TitleKlinkenberg Effect and Effective Pressure for Gas Permeability of Tight Sandstones
Publication TypeJournal Article
Year of Publication2019
AuthorsXiao, W, Bernabe, Y, Evans, B, Mok, U, Zhao, J, Ren, X, Chen, M
JournalJournal of Geophysical Research: Solid Earth
Pagination1412 - 1429
Date PublishedMar-02-2021

Gas permeability kg of tight sandstones was measured while cycling pore pressure, Pf, and confining pressure, Pc, using two different procedures. First, we cycled the pore pressure from a minimum value close to atmospheric pressure to a maximum one slightly lower than Pc, while keeping the Pc constant. Second, Pf and Pc were simultaneously varied so as to keep the difference, Pc − Pf, constant. Significant effects owing to slip flow were observed when the gas pressure was lower than about 5 MPa. Klinkenberg plots showed that, under constant Pc, gas permeability kg decreased linearly for high values of 1/Pf, reached a minimum and then sharply increased as 1/Pf approached zero. Under constant Pc − Pf, kg again decreased linearly in the high limit of 1/Pf and showed additional decrease in the low 1/Pf limit. The linear segments in both procedures indicate that kg in tight sandstones was subject to slip flow at low values of Pf, while the curved segments revealed the sensitivity of permeability to effective pressure when Pf became comparable in magnitude to confining pressure. The effective pressure coefficient α was estimated and generally appeared to be a well‐defined decreasing function of the pressure difference Pc − Pf.
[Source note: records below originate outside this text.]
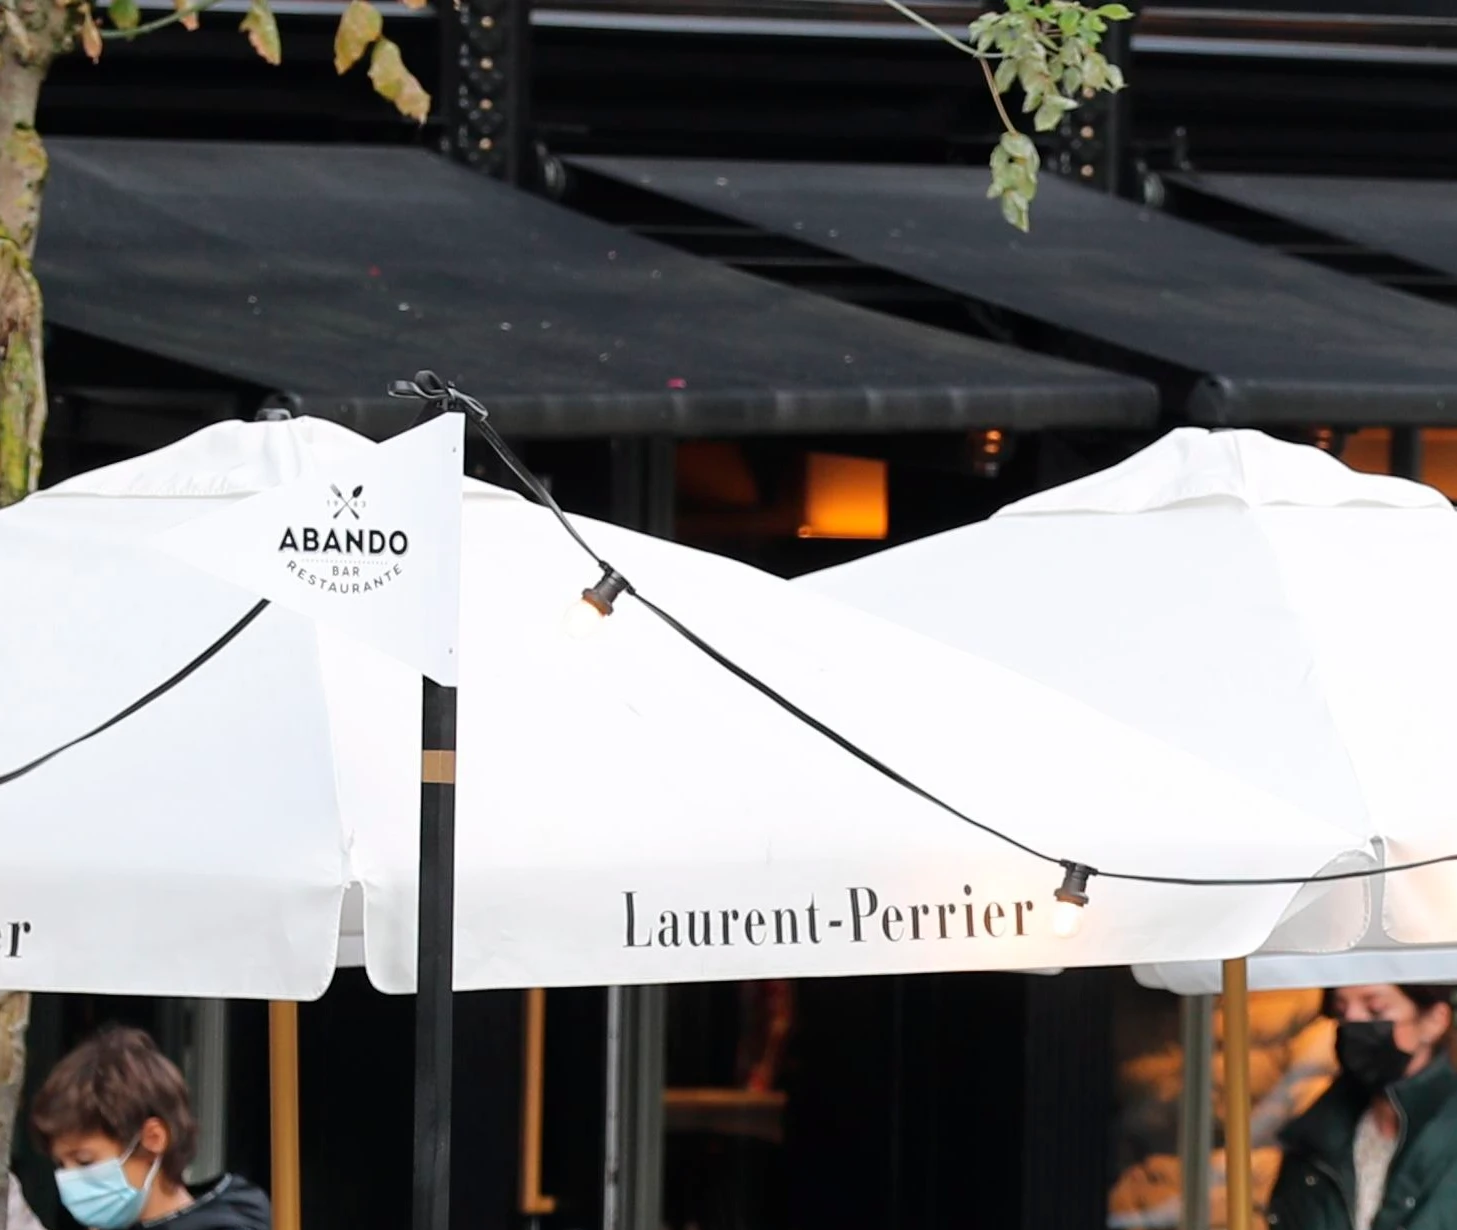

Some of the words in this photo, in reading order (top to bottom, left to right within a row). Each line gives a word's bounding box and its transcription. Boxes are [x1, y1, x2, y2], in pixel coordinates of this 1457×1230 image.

[278, 526, 408, 555] ABANDO
[286, 559, 402, 594] RESTAURANTE
[332, 565, 360, 577] BAR
[622, 884, 1035, 948] Laurent-Perrier
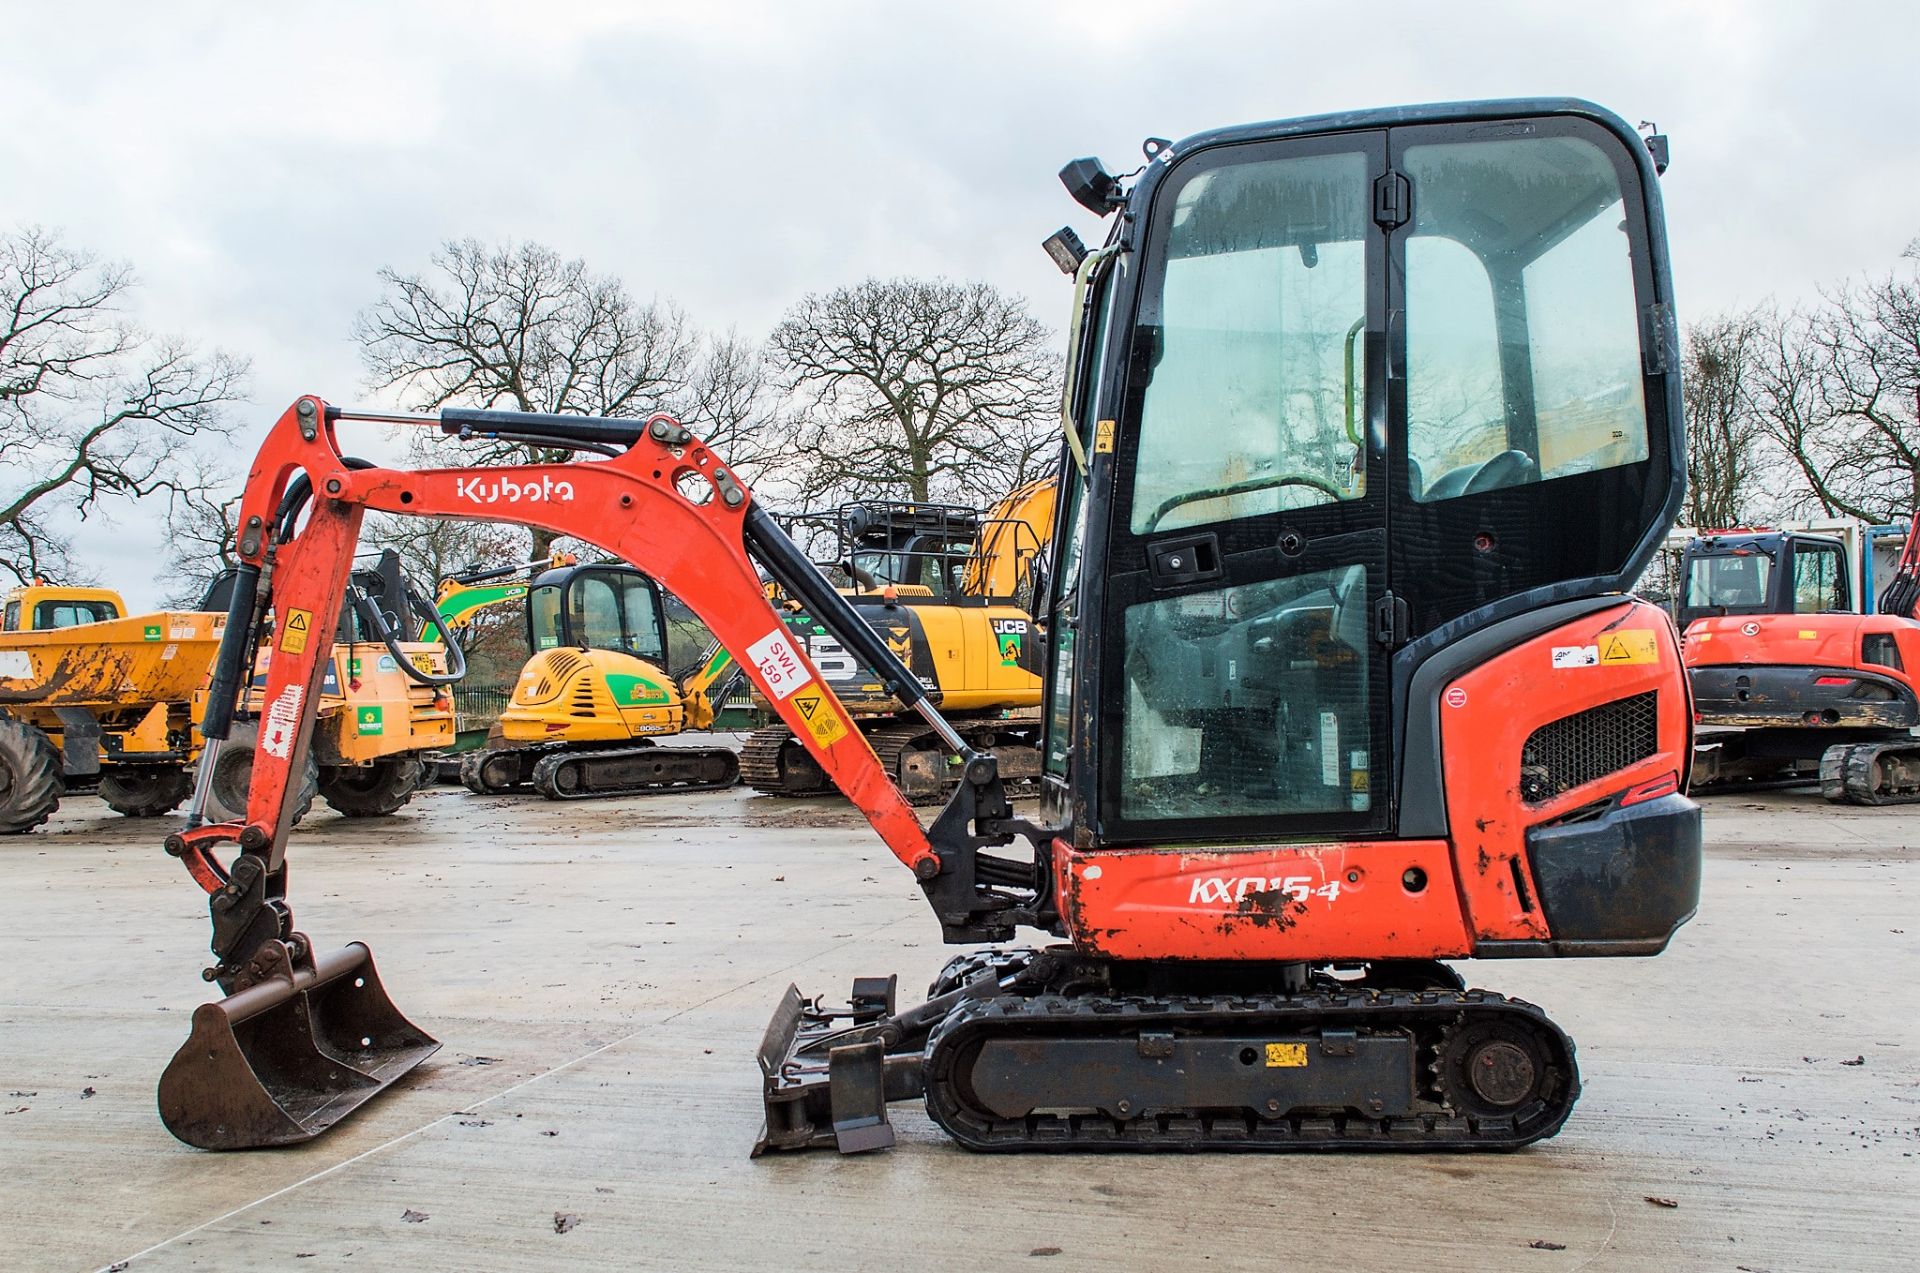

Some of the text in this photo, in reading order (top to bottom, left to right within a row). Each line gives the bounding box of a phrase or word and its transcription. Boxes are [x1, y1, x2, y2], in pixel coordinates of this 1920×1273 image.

[457, 475, 574, 503] Kubota
[993, 620, 1028, 634] JCB
[760, 656, 782, 684] 159
[770, 642, 797, 680] SWL
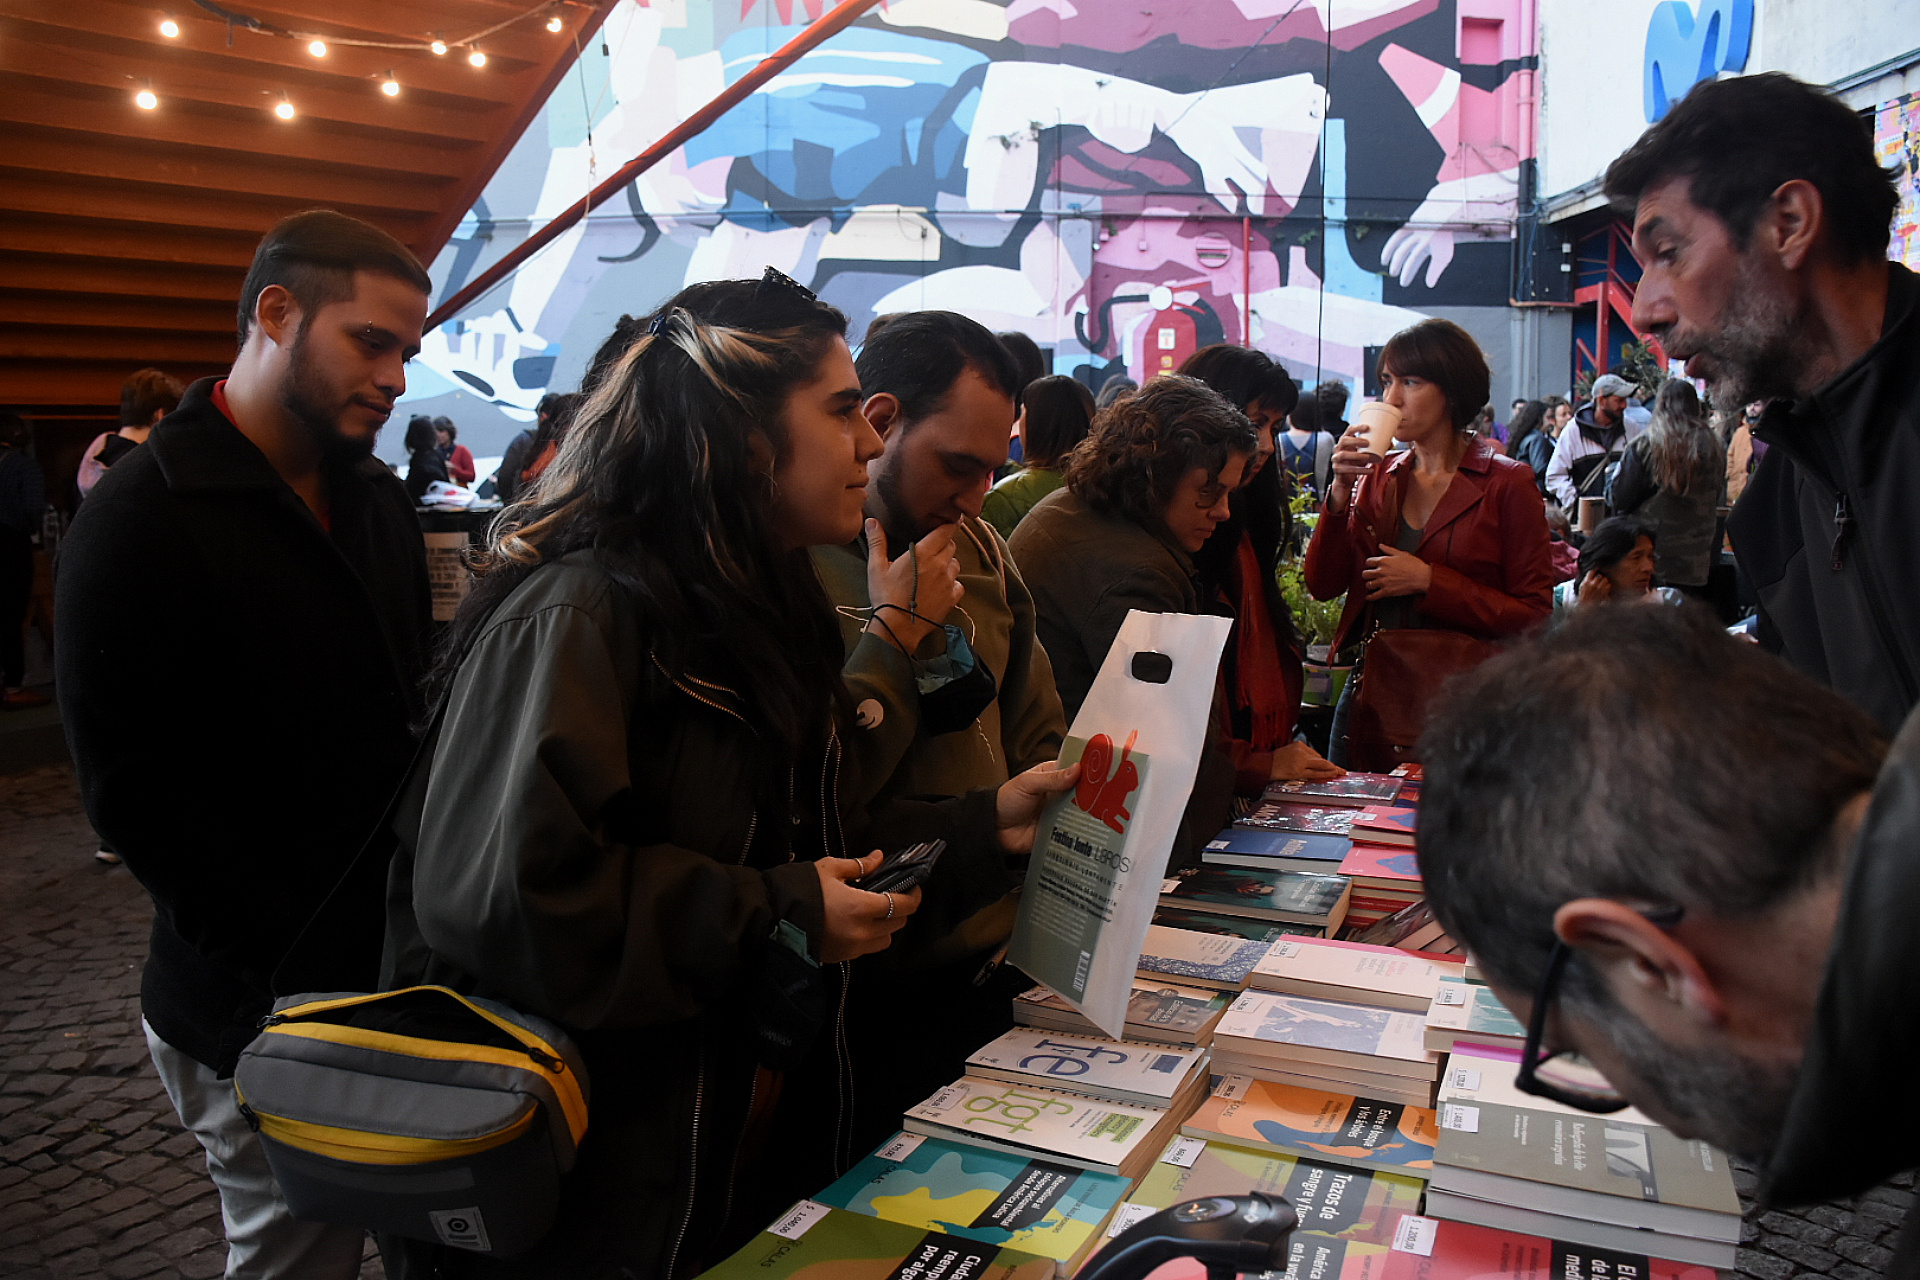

We modified the Walsh permeability model for fissured rocks to include slip flow effects and obtained satisfactory fits to the experimental data for the samples with the lowest porosities and the highest pressure sensitivities. This observation suggests that the intrinsic permeability of these rocks was controlled by intergranular and/or intragranular crack‐like pores.